Ans:-- A mercantile or commercial agent may assume any of the
following forms: broker, factor, commission agent, del credere agent,auctioneer, banker, Pakka and Katcha Adatias and indentor. A broker
is a mercantile agent engaged to buy and/or sell property or to make
bargains and contracts between the engager and third party for a
commission (called brokerage). A broker has no possession of goods
or property. He is merely a connecting link between the engager and a
third party. The usual method of dealing by a broker is to make entries
of the terms of contract in a book, called the memorandum book and
to sign them. He then sends the particulars of the same to both parties.The document sent to the seller is called the sold note and the one sent
buyer is called the bought note. A factor is a mercantile agent who is
entrusted with the possession of goods with an authority to sell the
same. He can even sell the goods on credit and in his own name. He is
also authorised to raise money on their security. A factor has a general
lien on the goods in his possession.

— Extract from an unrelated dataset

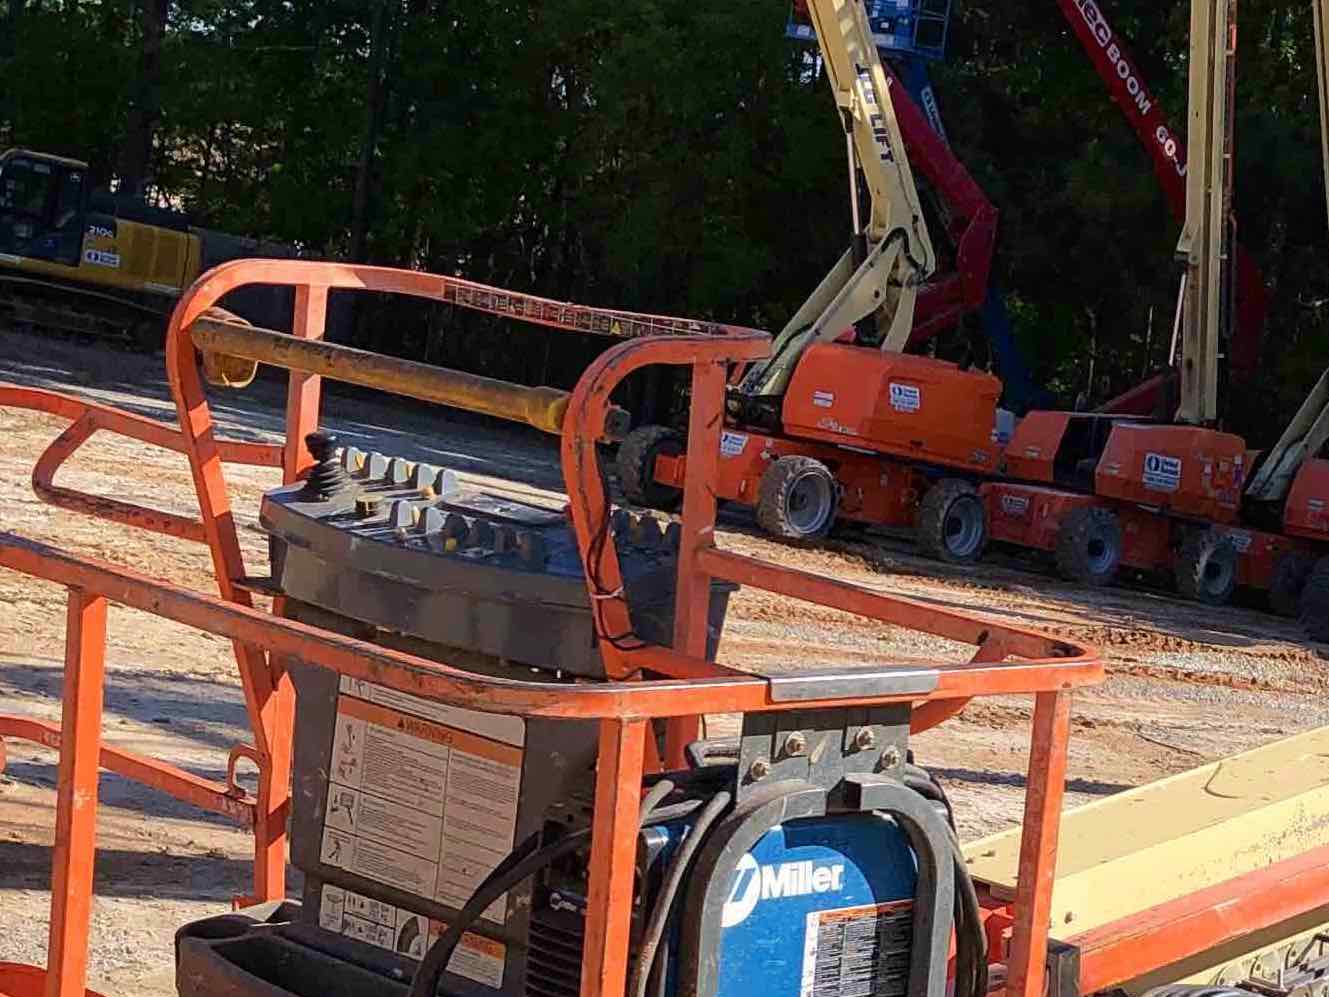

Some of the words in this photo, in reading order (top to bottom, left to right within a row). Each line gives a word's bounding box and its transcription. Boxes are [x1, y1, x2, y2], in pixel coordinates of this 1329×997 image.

A factor, however, cannot barter
the goods, unless expressly authorised to do. Also, he cannot delegate
his authority.
A commission agent is agent who is employed to buy or sell goods or
transact business. The remuneration that he gets for the purpose is
called the commission. A commission agent is not liable in case the
third party fails to carry out the agreed obligation. A commission agent
may have possession of the goods or not. His lien in case of goods in
his possession is a particular lien. A del credere agent is one who, in
consideration of an extra remuneration, called a del crederecommission, guarantees the performance of the contract by the other
party.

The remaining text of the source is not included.